The task ::
For the data that follows, return each line unchanged and drop the pictures.

The data ::
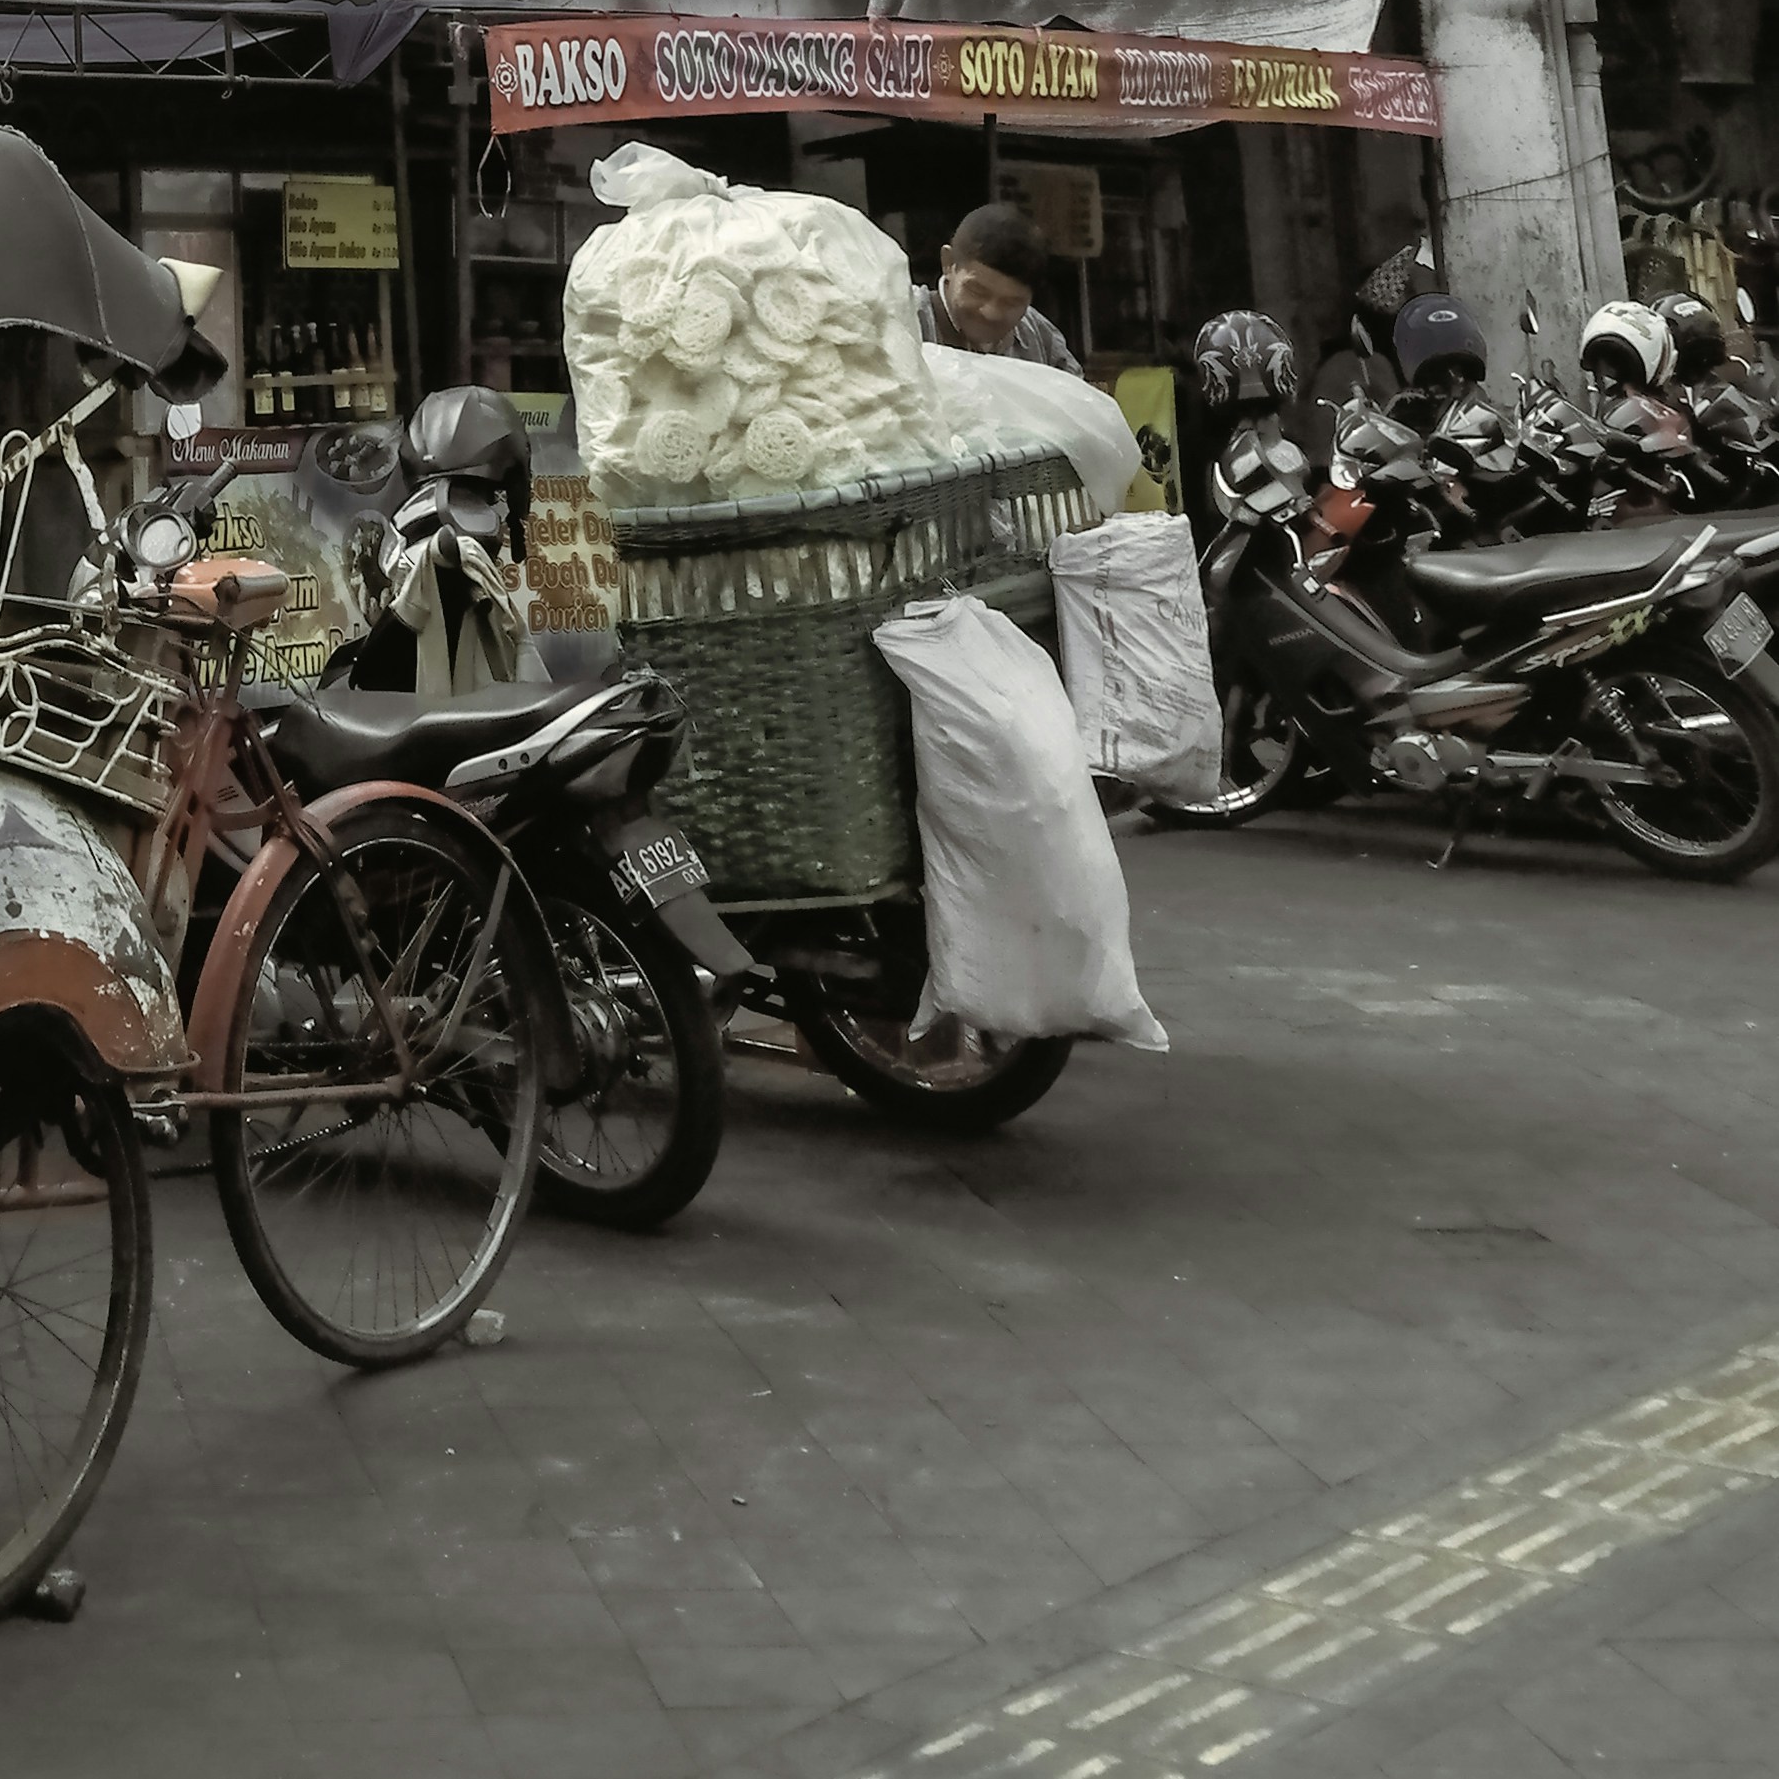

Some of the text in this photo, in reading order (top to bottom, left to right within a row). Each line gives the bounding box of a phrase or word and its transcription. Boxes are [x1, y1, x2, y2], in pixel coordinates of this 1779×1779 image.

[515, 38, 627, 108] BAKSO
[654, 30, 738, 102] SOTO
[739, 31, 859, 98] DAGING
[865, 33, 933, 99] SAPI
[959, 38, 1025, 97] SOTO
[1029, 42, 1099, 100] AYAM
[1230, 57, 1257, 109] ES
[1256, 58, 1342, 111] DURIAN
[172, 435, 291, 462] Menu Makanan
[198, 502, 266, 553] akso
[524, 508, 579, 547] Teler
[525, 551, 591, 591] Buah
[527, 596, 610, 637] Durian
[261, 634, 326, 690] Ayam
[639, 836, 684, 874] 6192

Solved exercise ::
Some of the text in this photo, in reading order (top to bottom, left to right within a row). Each line gives the bounding box of a phrase or word and its transcription. Boxes are [x1, y1, x2, y2], in pixel coordinates of this 1779×1779 image.

[515, 38, 627, 108] BAKSO
[654, 30, 738, 102] SOTO
[739, 31, 859, 98] DAGING
[865, 33, 933, 99] SAPI
[959, 38, 1025, 97] SOTO
[1029, 42, 1099, 100] AYAM
[1230, 57, 1257, 109] ES
[1256, 58, 1342, 111] DURIAN
[172, 435, 291, 462] Menu Makanan
[198, 502, 266, 553] akso
[524, 508, 579, 547] Teler
[525, 551, 591, 591] Buah
[527, 596, 610, 637] Durian
[261, 634, 326, 690] Ayam
[639, 836, 684, 874] 6192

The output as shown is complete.